É, é polêmico, né? Por exemplo, o que que é isso, né? A Rita Cadillac que vai num presídio… é um trabalho artístico? Corajosa ela é, realmente. E ela vai lá ganhar o dinheiro dela… Se você pegar o Chacrinha, hoje ele é Cult, virou uma coisa Cult. Interessante, é uma coisa que vai marcar aí pra frente, a gente não sabe o que que vai ser, é um cara que inventou algumas coisas que foram interessantes pra se pensar… maneiras de comunicação… mas ao mesmo tempo… enfim, não dá pra falar muito disso. Complicado. Mas que a Rita Cadillac é uma figura e que é uma pessoa idônea… você olha pra cara dela, você fala: “é honesta”. Ela não deve estar milionária, rica, ela não ganha dinheiro em cima de ninguém. Ela tinha uma bunda boa e rebolava bem e tinha uma personalidade que ficou, mas até aí não é artista. O que ela produziu? Ela rebolou? Não, é uma pessoa que fez um trabalho que, vamos dizer, é “arte aplicada”, é a arte e a dança aplicada à atenuação dos hormônios dos presos, pra eles irem lá, verem o show dela, baterem uma punheta e darem uma descarregada e diminuir a tensão social que fica ali dentro, pairando. Porque você imagina, se tu tá preso no presídio e você pode ver a Rita Cadillac… bixo, ufa! Tudo bem, mas aí você vai entrar numa questão que é o sistema penal, do presídio, do que é isso… que é uma coisa escatológica, né? Então, a gente tá sempre tapando esses buracos, botando esses paninhos quentes… e não é arte, é outra coisa.

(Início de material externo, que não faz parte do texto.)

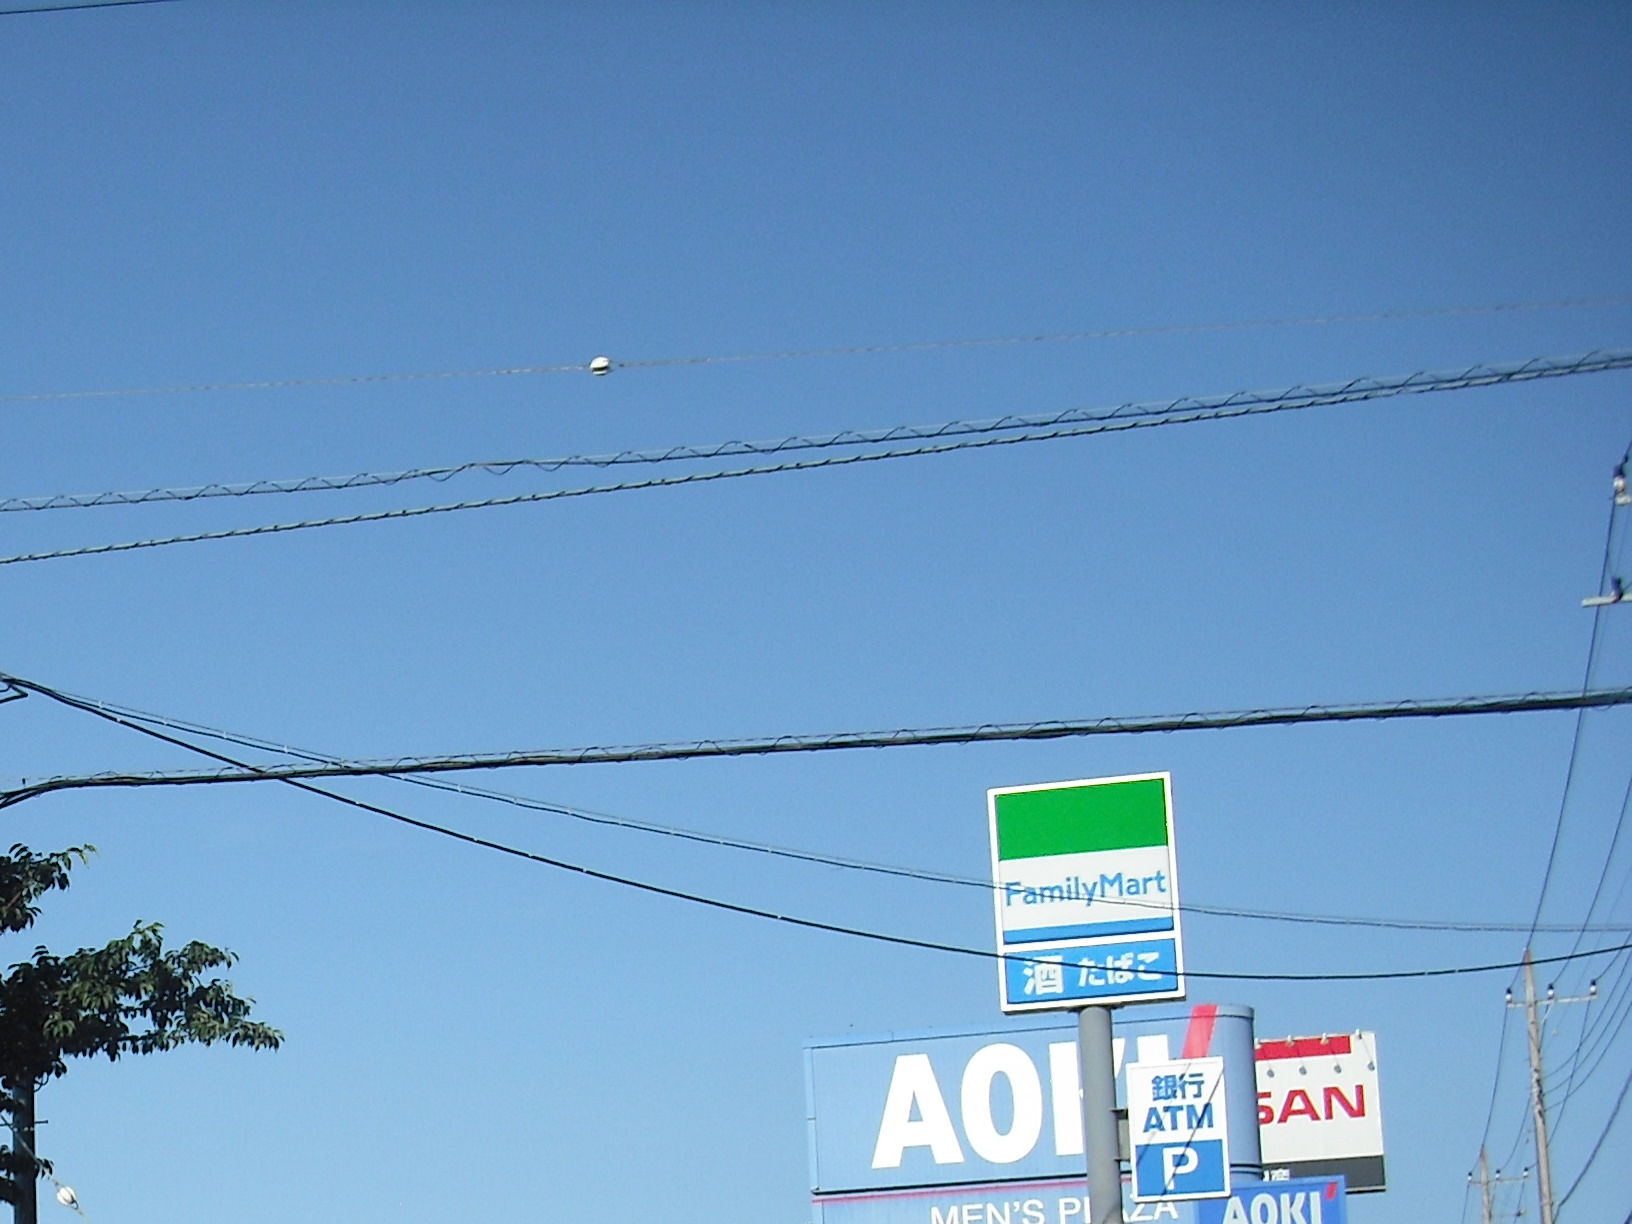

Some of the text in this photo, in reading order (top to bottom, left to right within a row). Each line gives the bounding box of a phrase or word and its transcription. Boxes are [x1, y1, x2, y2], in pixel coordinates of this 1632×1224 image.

Acho que é importante colocar algumas críticas que a gente sempre ouve no sentido de substituir a Lei Rouanet por um outro modelo. Acho que a coisa mais forte que eu ouço disso é o medo de uma estatização pelo medo de ficar só sobre os critérios do Estado (confuso) em dois sentidos: na possibilidade de corrupção e no controle ideológico da arte. Qual a sua opinião sobre isso?

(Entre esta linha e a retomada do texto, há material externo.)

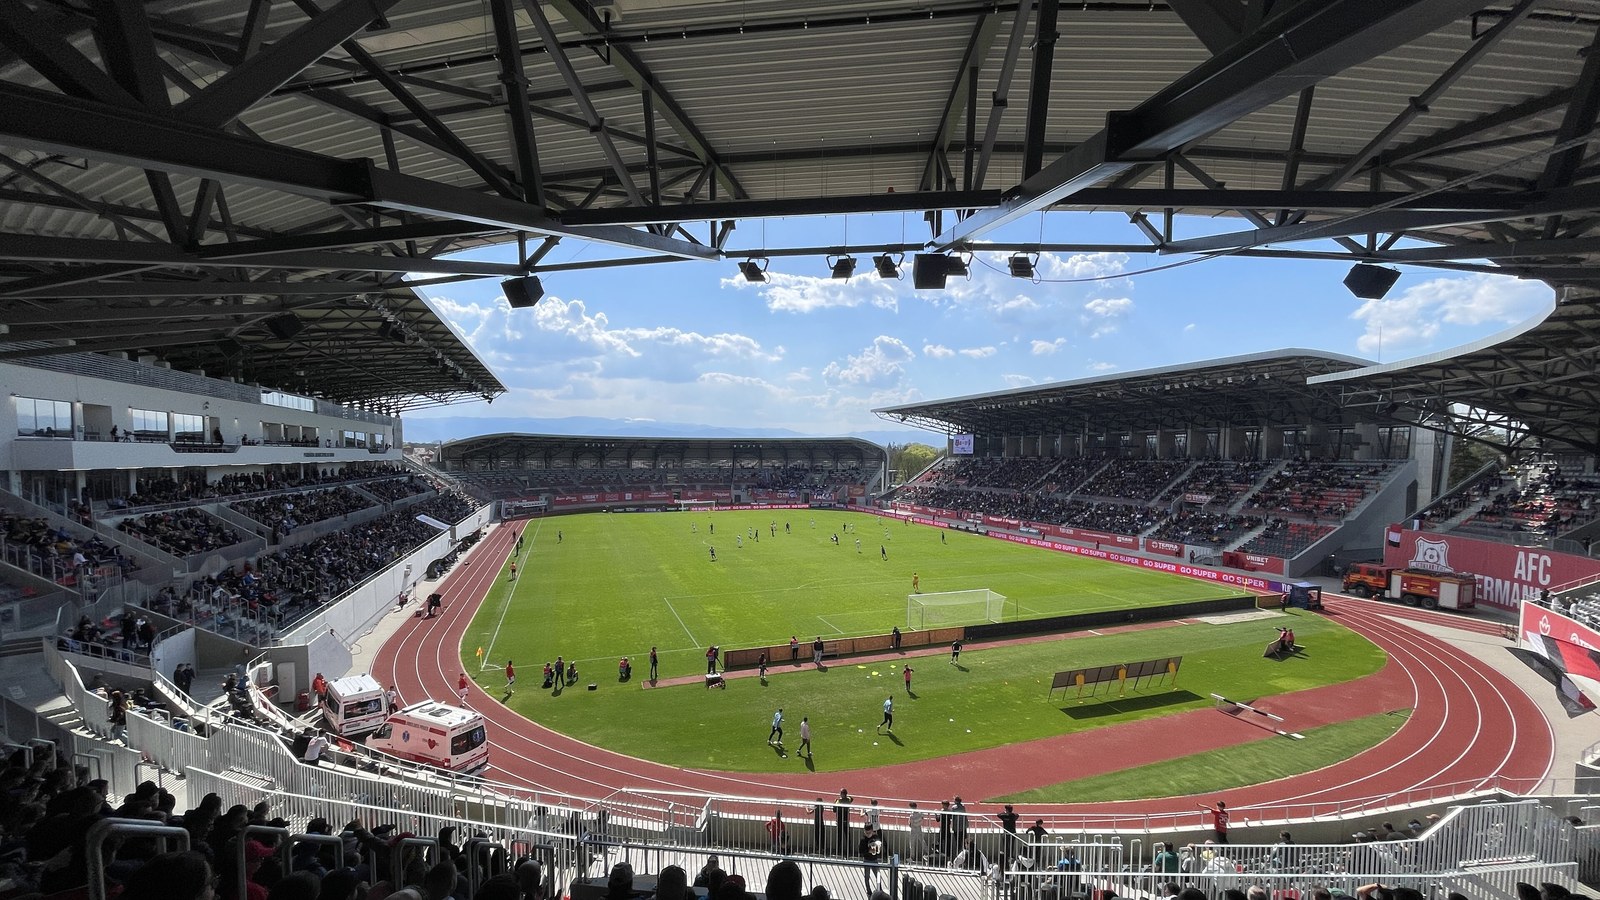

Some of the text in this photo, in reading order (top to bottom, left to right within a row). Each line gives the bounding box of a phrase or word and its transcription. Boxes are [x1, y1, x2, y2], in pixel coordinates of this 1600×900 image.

[1062, 544, 1078, 553] SUPER
[1089, 550, 1107, 558] SUPER
[1119, 555, 1139, 564] SUPER
[1246, 555, 1269, 563] UNIBET
[1154, 562, 1176, 571] SUPER
[1514, 551, 1552, 586] AFC
[1180, 566, 1217, 579] GO SUPER
[1222, 574, 1265, 588] GO SUPER

Primeiro, quem vai ser o próximo governo que vai entrar? Não sabemos. Qual a orientação dele? Não sabemos. Quanto tempo ele vai durar? Quatro anos. Então, mesmo que exista um dirigismo, esse dirigismo dura quatro anos, e isso se ele tiver plenos poderes na mão dele de falar o que vai ser patrocinado. Então, isso é uma falsa questão. Até porque, pela pesquisa hoje se tivesse eleição quem ganhava era o Serra. Então, todo mundo que tá metendo o pau que o PT ou a esquerda radical vai dominar a arte e a cultura, se o Serra ganha amanhã, já ia ter que mudar de discurso, porque quem estará no controle não é mais a esquerda radical, é a centro-direita… ou… centro-esquerda… que no fim da contas, centro-esquerda ou direita e esquerda hoje em dia tá…

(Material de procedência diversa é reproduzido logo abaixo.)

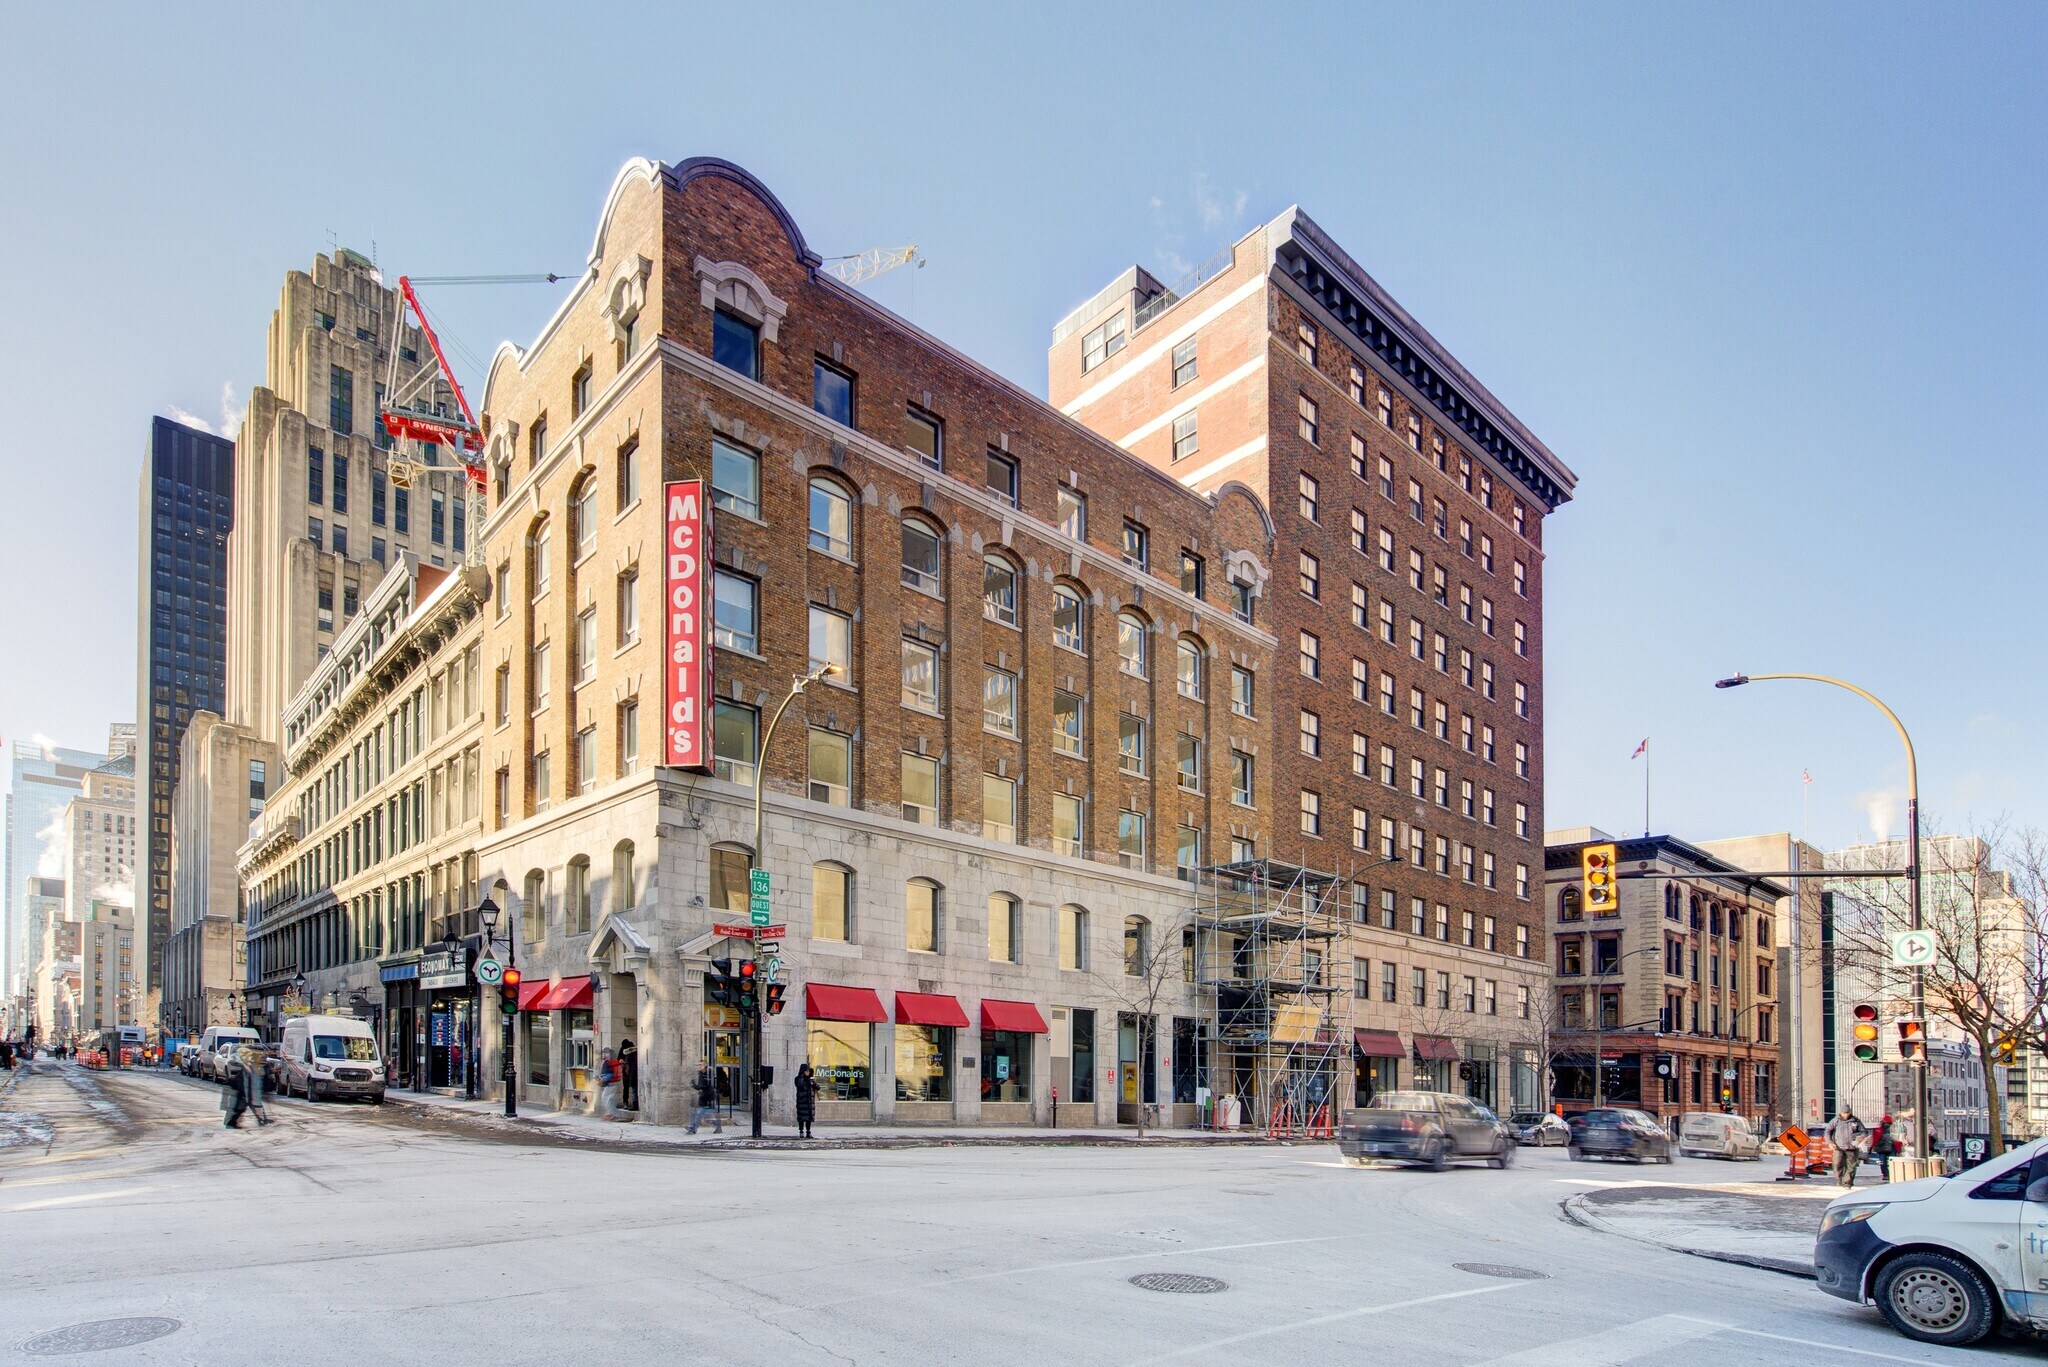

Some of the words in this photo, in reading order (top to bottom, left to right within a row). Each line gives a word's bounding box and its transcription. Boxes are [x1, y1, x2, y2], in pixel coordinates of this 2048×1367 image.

[668, 494, 698, 754] McDonald's
[753, 881, 769, 893] 136
[752, 900, 769, 910] OUEST
[815, 1068, 865, 1079] McDonald's

Centro expandido, vamos dizer…

É, é que nem você pegar uma bússola no centro do pólo norte, ela vai ficar maluca, ela não vai saber pra onde apontar. Então, isso é uma falsa questão, nesse ponto de vista. Segundo, tudo depende de como ela seja regulamentada… se você tiver transparência e se esses projetos forem julgados – no caso, eu vou pegar bem no teatro, que é a minha área – se eles forem julgados por uma comissão ampla e mista, como é por exemplo a Lei de Fomento – por que o Fomento dá certo? Porque tem uma comissão que é idônea, você tem metade da comissão indicada pela Prefeitura e a outra metade é eleita pelos representantes dos projetos que estão concorrendo e os nomes, as listas, são indicados pelas entidades que representam esses artistas. Então, aí é democrático! Tem possibilidade de ser mais democrático que isso? O resultado que vem, ele é efeito, não tem dirigismo, porque você tem comissões que são plurais. Você tem o cara que gosta mais de realismo ou que estudou mais o realismo, você tem o cara que estudou mais o expressionismo, você tem o outro que estudou mais o teatro político e eles vão ler, não a tendência do projeto – se o cara é mais de esquerda ou mais de direita, se ele é mais revolucionário, se ele é mais reacionário – não, eles vão ler a qualidade do projeto, a articulação do projeto, eles vão ver o histórico de quem está propondo o projeto. E isso se chama meritocracia, que é uma coisa que nos outros países desenvolvidos do mundo, funciona, só no Brasil que não, porque aqui é a coisa do apadrinhamento. Se essas mudanças da Lei Rouanet, não contiverem isso, esses mecanismos claros, logicamente ela vai pender, a cada governo, pra quem tá de plantão lá, pra turma que tá mandando, agora se elas forem pensadas, se elas tiverem mecanismos de distribuição transparente, de julgamento transparente não tem porque falar que isso é estatização, no sentido tacanho do termo ou autoritário do termo. Então, isso tudo são falsas polêmicas. Na verdade, sabe, é estúpido, é como eu falei outro dia, é Corinthians e Palmeiras, é o corintiano falando: “ah, o curíntia é melhor” e o palmeirense falando: “ah, o palmera é melhor”. E eles vão se dar um tiro um no outro, e às vezes morre corintiano, às vezes morre palmeirense, às vezes morrem os dois. Quem fica triste? A mãe que perdeu o filho porque quem morre, morre, né?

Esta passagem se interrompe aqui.